Когда-то я был человеком (Ч.1)

Когда-то я был человеком (Ч.1)

Эндрю Салливан (влиятельный блогер и обозреватель) для New York Magazine / Repost by @prometain

Бесконечная бомбардировка новостями, сплетнями и картинками превратила нас в информационных наркоманов. Она сломала меня. Может сломать и вас.

Based on: Wanderer Above the Sea of Fog, by Caspar David Friedrich (1818). Illustrations by Kim Dong-kyu

Я сидел в большом зале для медитаций в переоборудованном новициате в центральной части штата Массачусетс. Сунув руку в карман, я достал свой айфон. Женщина, сидевшая в торце зала, держала перед собой корзину, источая благодеятельный свет, как священник с подносом для пожертвований. Как было положено, я сдал свое устройство для мобильной связи, но сразу же, когда еще только возвращался на место, меня внезапно охватила паника. Если бы все не смотрели на меня в этот момент, я бы точно вернулся и попросил айфон обратно. Но я этого не сделал. Я знал, зачем я пришел сюда.
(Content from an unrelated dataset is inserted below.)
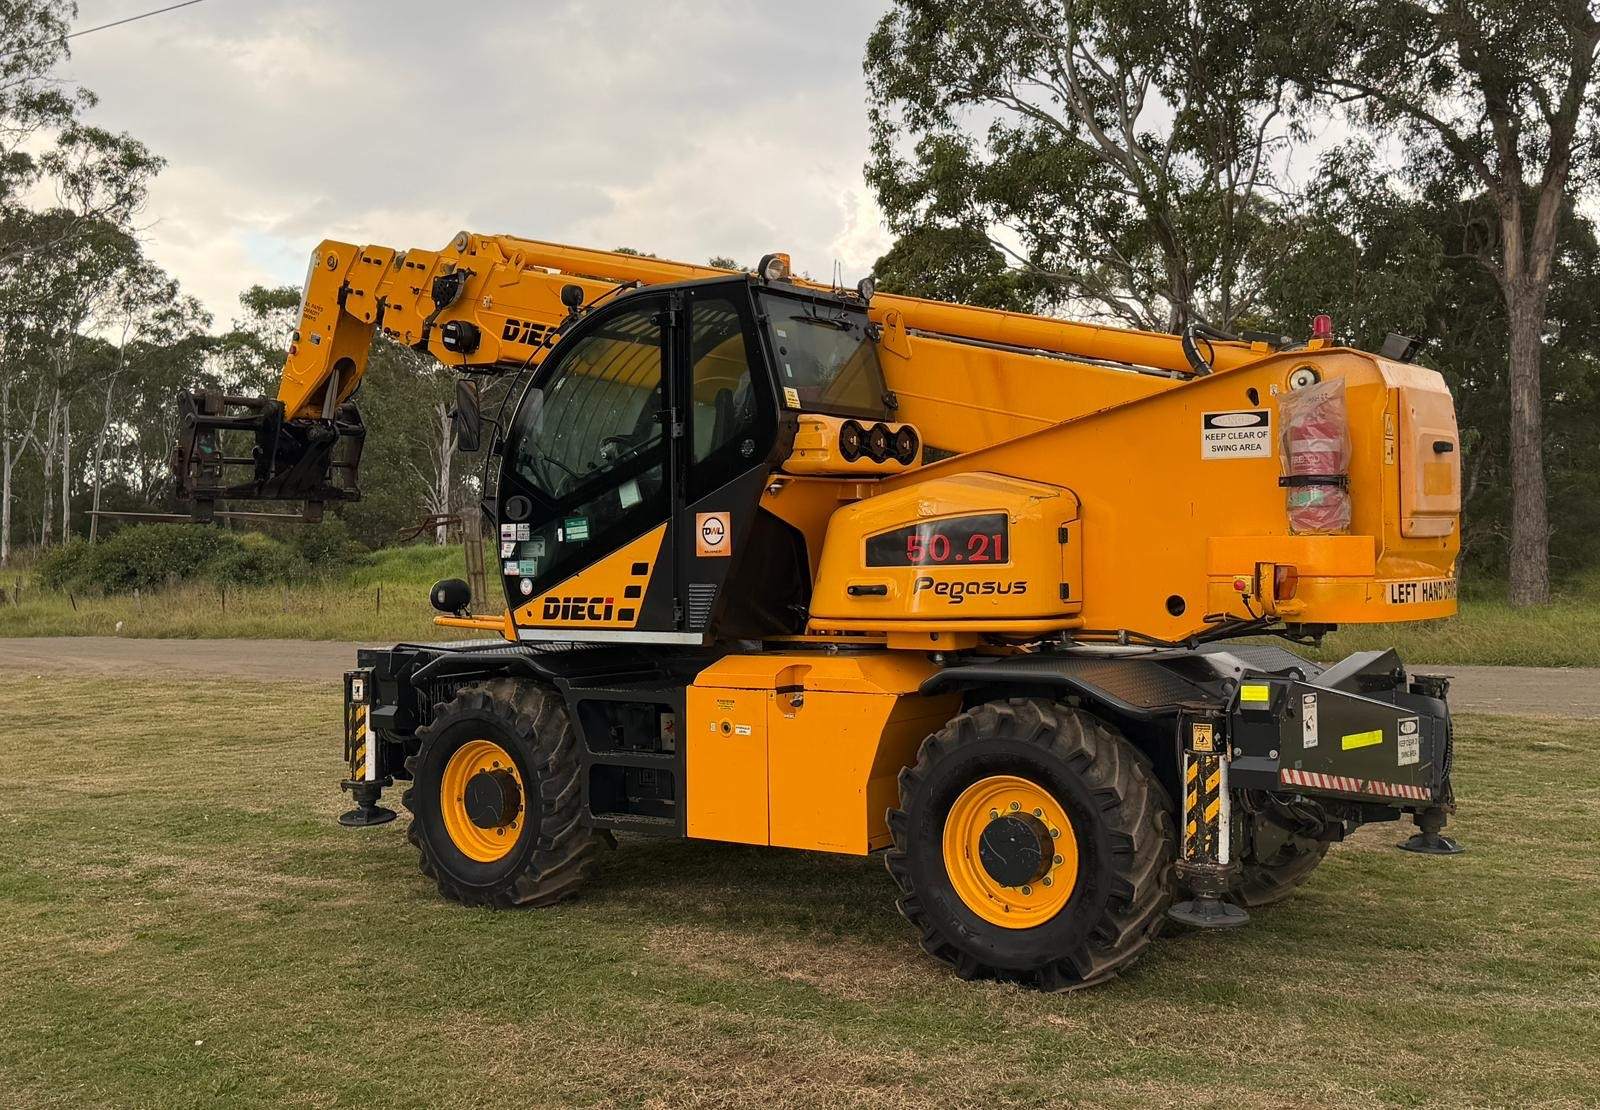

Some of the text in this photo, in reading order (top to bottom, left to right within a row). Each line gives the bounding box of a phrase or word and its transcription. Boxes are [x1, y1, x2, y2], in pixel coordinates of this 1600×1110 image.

Годом раньше я, как многие люди, страдающие зависимостями, почувствовал, что скоро сломаюсь. В течение полутора десятилетий я был сетевым наркоманом, писал по несколько постов в блог за день, семь дней в неделю, и в конце концов набрал целую команду, которая прочесывала Интернет в часы пик каждые 20 минут. Каждое утро начиналось с того, что я с головой нырял в поток сетевого сознания и новостей, перескакивал с сайта на сайт, с твита на твит и с главной новости часа на самую свежую сводку, разглядывал бесчисленные фото и видео, усваивал множество новых мемов. На протяжении всего дня я выдавал по одной мысли, или аргументу, или шутке на тему происходившего или только что произошедшего. А иногда, если события были особенно захватывающими, я мог провести несколько недель, маниакально охотясь за каждым крошечным клочком развивающейся истории для того, чтобы слить их в повествование в режиме реального времени. Я пребывал в бесконечном диалоге с читателями, которые придирались, хвалили, освистывали, поправляли меня. Никогда прежде мой мозг не был так неотступно занят таким множеством различных предметов и не функционировал настолько публично в течение такого долгого времени.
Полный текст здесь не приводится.